Pugnam, por fim, que conste dos factos provados um novo ponto com a seguinte redacção: “Mesmo após as entregas efetuadas, os Réus pessoas singulares preservaram quer os seus rendimentos (de pensões de reforma e de trabalho dependente), quer o restante património que detinham, bens e direitos esses que incluíam a totalidade do capital social das sociedades Rés, os ativos descritos no doc. junto aos autos pela própria Autora em 29.10.2020 e o prédio identificado no doc. nº 3 da Contestação”.

Vejamos, então.
No caso vertente, mostram-se cumpridos os requisitos da impugnação da decisão sobre a matéria de facto previstos no artigo 640.º do Código de Processo Civil, nada obstando a que se conheça da mesma.

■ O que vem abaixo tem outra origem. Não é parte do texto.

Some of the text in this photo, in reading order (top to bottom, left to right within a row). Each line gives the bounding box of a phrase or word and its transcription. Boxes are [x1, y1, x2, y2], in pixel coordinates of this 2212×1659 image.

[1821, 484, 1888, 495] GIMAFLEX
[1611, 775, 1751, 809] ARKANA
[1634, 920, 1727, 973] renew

Entende-se actualmente, de uma forma que se vinha já generalizando nos tribunais superiores, hoje largamente acolhida no artigo 662.º do Código de Processo Civil, que no seu julgamento, a Relação, enquanto tribunal de instância, usa do princípio da livre apreciação da prova com a mesma amplitude de poderes que tem a 1ª instância (artigo 655.º do anterior Código de Processo Civil e artigo 607.º, n.º 5, do actual Código de Processo Civil), em ordem ao controlo efectivo da decisão recorrida, devendo sindicar a formação da convicção do juiz, ou seja, o processo lógico da decisão, recorrendo com a mesma amplitude de poderes às regras de experiência e da lógica jurídica na análise das provas, como garantia efectiva de um segundo grau de jurisdição em matéria de facto; porém, sem prejuízo do reconhecimento da vantagem em que se encontra o julgador na 1ª instância em razão da imediação da prova e da observação de sinais diversos e comportamentos que só a imagem fornece.

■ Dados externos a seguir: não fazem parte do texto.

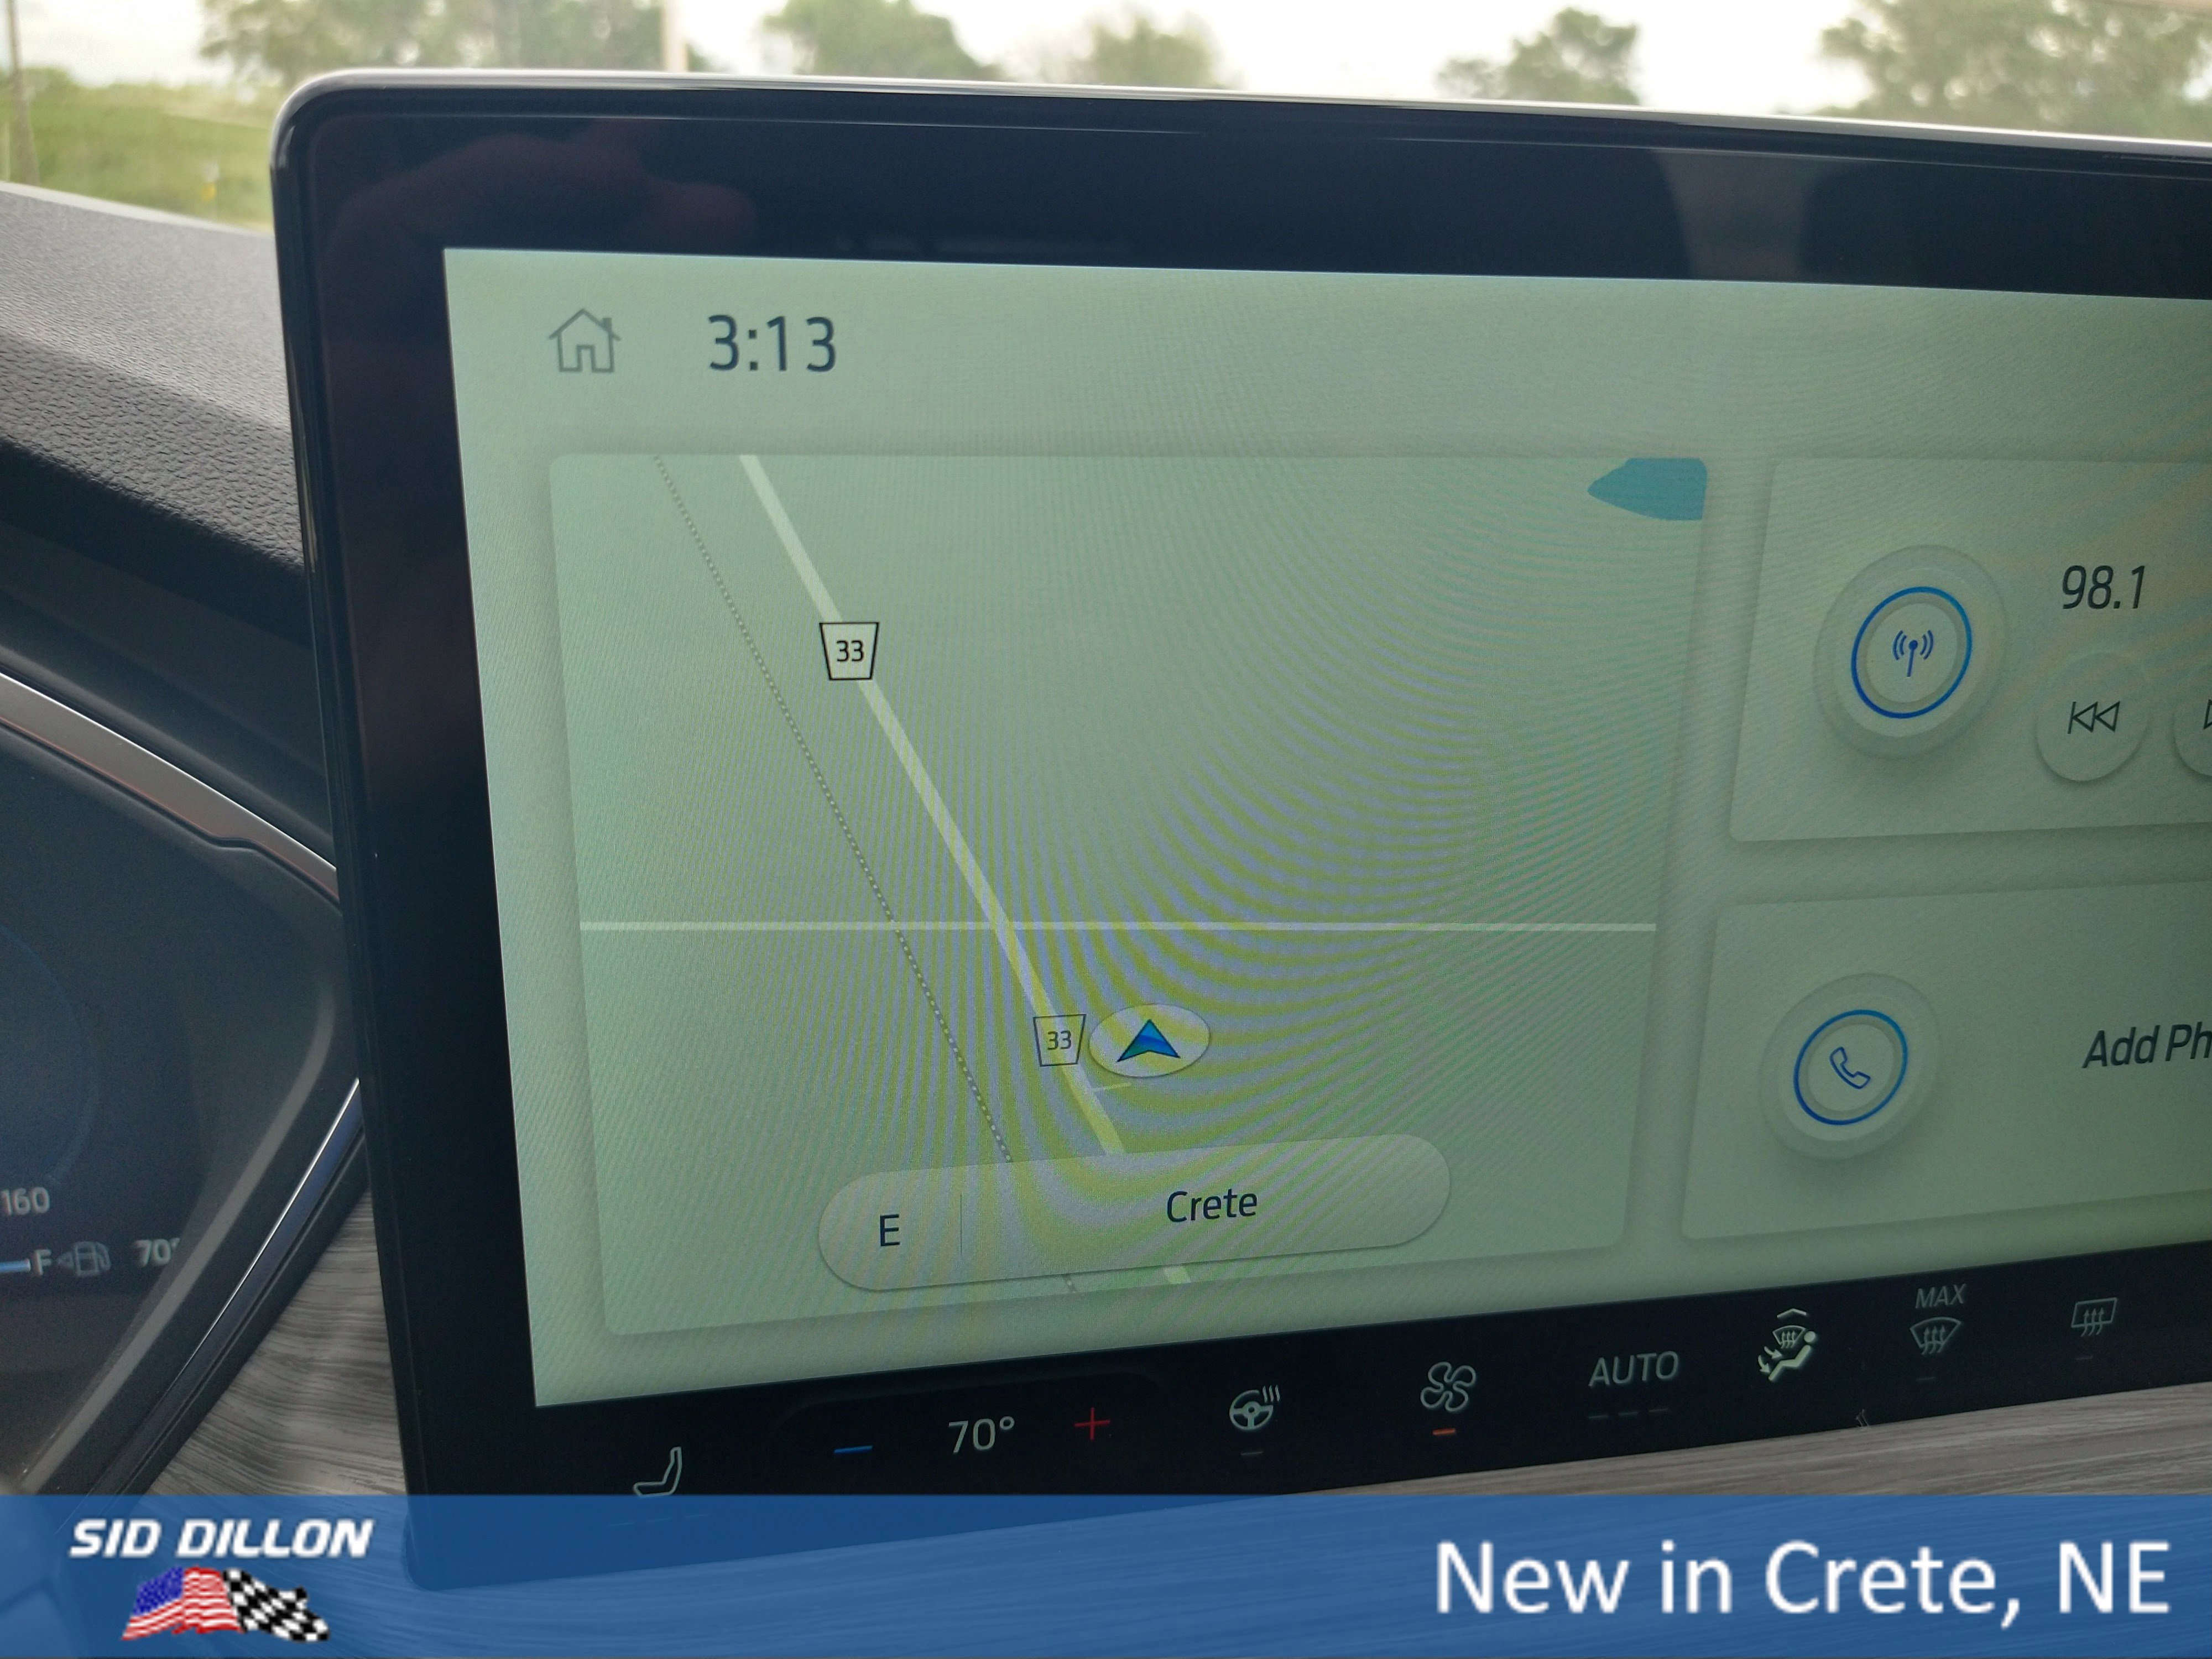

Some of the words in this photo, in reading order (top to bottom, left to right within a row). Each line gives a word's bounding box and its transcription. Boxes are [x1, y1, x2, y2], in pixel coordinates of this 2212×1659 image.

[708, 314, 836, 372] 3:13
[2062, 565, 2146, 609] 98.1
[836, 640, 864, 662] 33
[1047, 1030, 1072, 1051] 33
[2081, 1024, 2161, 1068] Add
[2, 1186, 50, 1215] 160
[1166, 1187, 1258, 1223] Crete
[879, 1214, 900, 1247] E
[32, 1249, 52, 1276] F
[1914, 1283, 1966, 1310] MAX
[1588, 1350, 1679, 1388] AUTO

Como refere A. Abrantes Geraldes, in Recursos no Novo Código de Processo Civil, 2013, Almedina, págs. 224 e 225, “a Relação deve alterar a decisão da matéria de facto sempre que, no seu juízo autónomo, os elementos de prova que se mostrem acessíveis determinem uma solução diversa, designadamente em resultado da reponderação dos documentos, depoimentos e relatórios periciais, complementados ou não pelas regras de experiência.”.
Importa, pois, por regra, reexaminar as provas indicadas pelos recorrentes e, se necessário, outras provas, maxime as referenciadas na fundamentação da decisão em matéria de facto e que, deste modo, serviram para formar a convicção do Julgador, em ordem a manter ou a alterar a referida materialidade, exercendo-se um controlo efectivo dessa decisão e evitando, na medida do possível, a anulação do julgamento, antes corrigindo, por substituição, a decisão em matéria de facto.
Reportando-nos ao caso vertente constata-se que a Senhora Juiz a quo, após a audiência e em sede de sentença, motivou a sua decisão sobre os factos nos seguintes meios de prova:
“Os factos que constam sob os nºs 1º a 11º e 13º a 16º foram aceites pelas partes.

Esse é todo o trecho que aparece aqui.